O novo iPhone 3G S (que será lançado nos Estado Unidos no dia 19 de junho) tenta agradar usuários corporativos. Agora com recursos de criptografia por hardware, a função de tethering (que permite usá-lo como um modem 3G para notebooks) e  recurso que permite apagar todos os dados pessoais armazenados no aparelho remotamente, grandes empresas mostram interesse em adquirir o aparelho para aumentar a proteção e produtividade de seus funcionários.

Mas, mesmo com essas propostas de segurança, analistas afirmam que o novo celular da Apple ainda não atinge todos os requisitos de segurança necessários para uma corporação. As grandes empresas querem um sistema que possa ser gerenciado pela própria equipe de TI dessas companhias, permitindo o monitoramento desses dispositivos em ambiente corporativo.

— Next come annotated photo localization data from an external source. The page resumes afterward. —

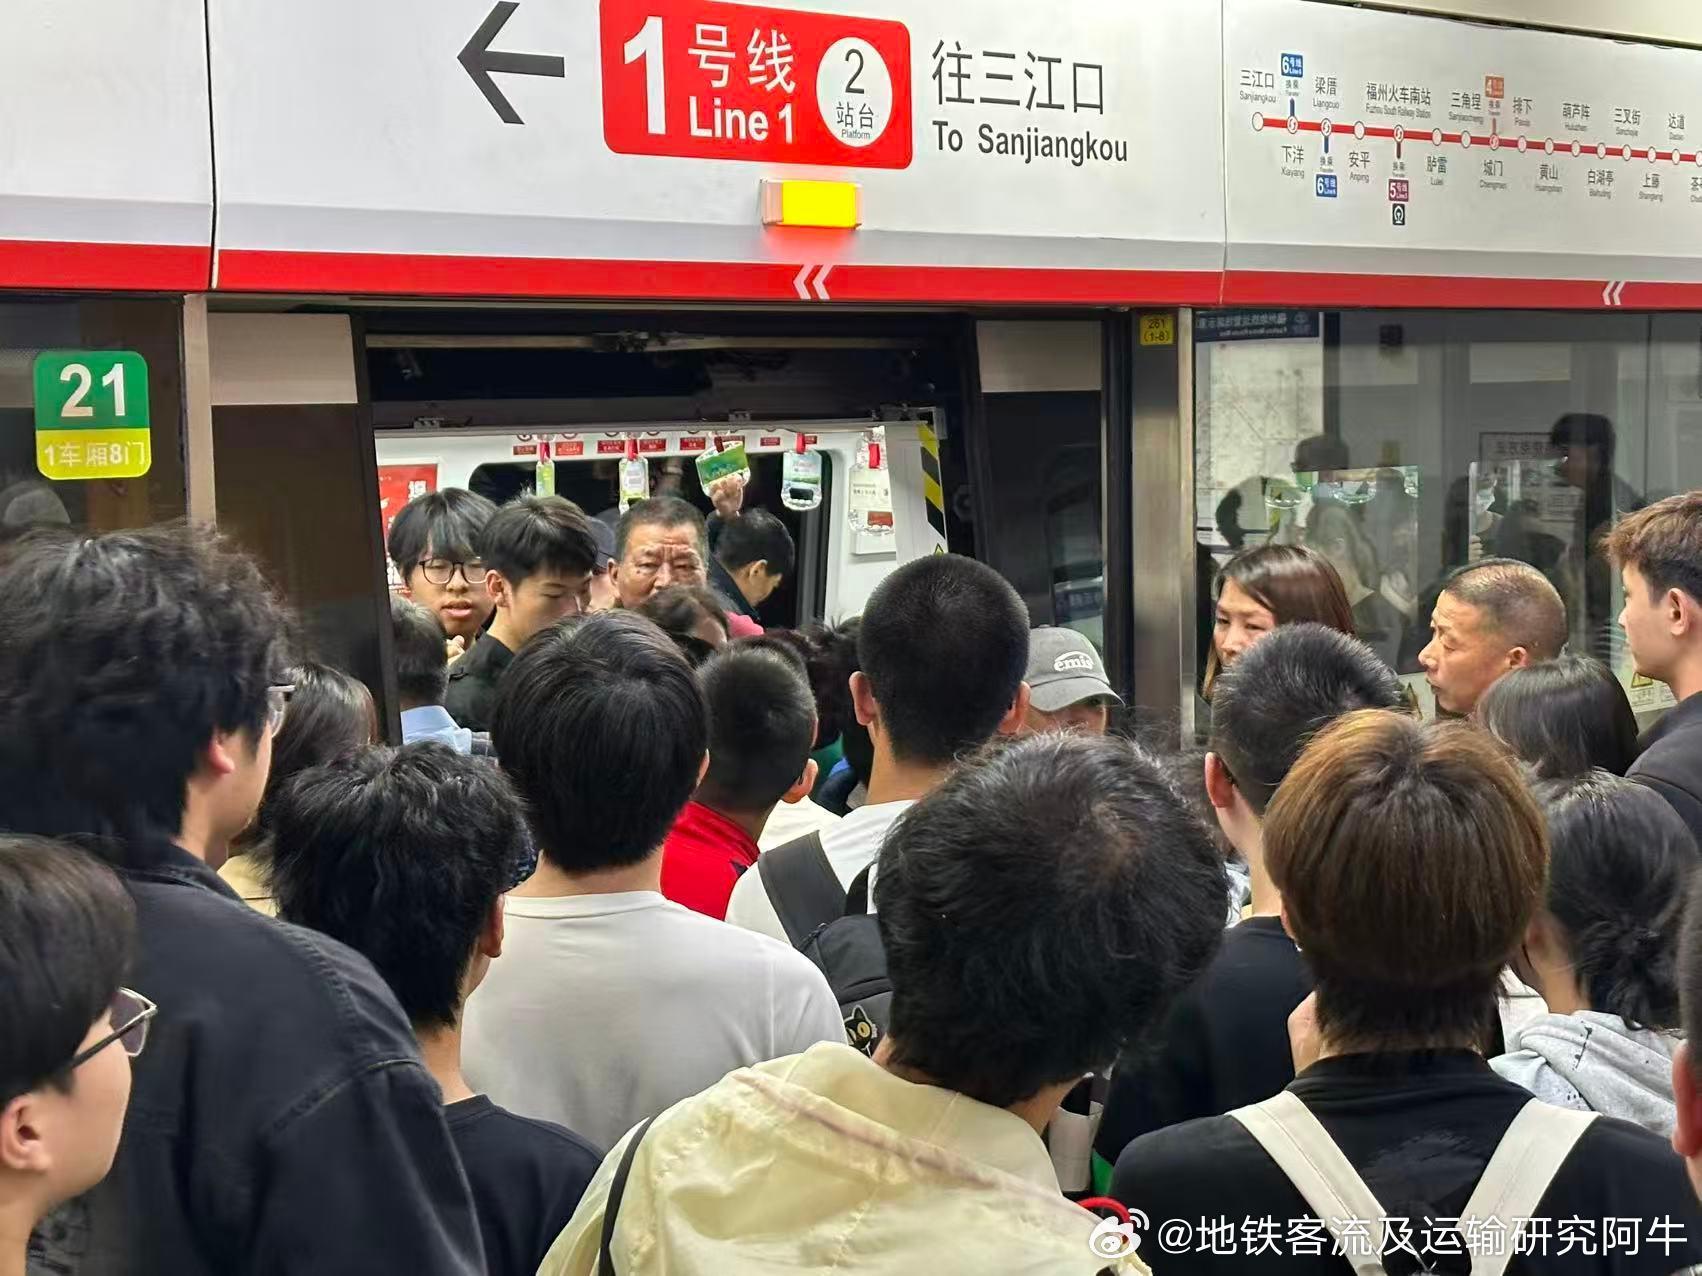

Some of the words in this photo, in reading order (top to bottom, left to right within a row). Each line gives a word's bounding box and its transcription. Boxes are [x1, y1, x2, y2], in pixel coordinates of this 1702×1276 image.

[624, 16, 666, 135] 1
[688, 23, 796, 94] 号线
[845, 48, 865, 94] 2
[932, 39, 1103, 115] 往三江口
[1240, 69, 1274, 88] 三江口
[1239, 90, 1277, 104] Sanjiangkou
[1366, 82, 1431, 106] 福州火车南站
[689, 96, 768, 141] Line
[778, 103, 793, 144] 1
[836, 101, 874, 129] 站台
[1614, 107, 1641, 126] 三叉街
[1667, 112, 1685, 130] 达道
[841, 128, 871, 140] Platform
[932, 120, 963, 152] To
[978, 123, 1127, 167] Sanjiangkou
[1281, 145, 1305, 165] 下洋
[1348, 151, 1371, 169] 安平
[1539, 162, 1559, 180] 黄山
[60, 363, 126, 417] 21
[44, 441, 146, 468] 1车厢8门

O analista do ABI Research, Kevin Burden, reclama que não é possível adicionar políticas corporativas no aparelho para um grupo de funcionários que garantam uma auditoria do uso. Ken Dulaney, analista da consultoria Gartner, avalia que o fato do iPhone ter um processamento de aplicativos em segundo plano restrito limita a segurança do dispositivo.

De acordo com Burden, a Research in Motion, fabricante do BlackBerry, e a Microsoft, que oferece o Windows Mobile, já oferecem ferramentas que permitem controlar o uso de smartphones em larga escala, com as especificações exigidas pelas empresas.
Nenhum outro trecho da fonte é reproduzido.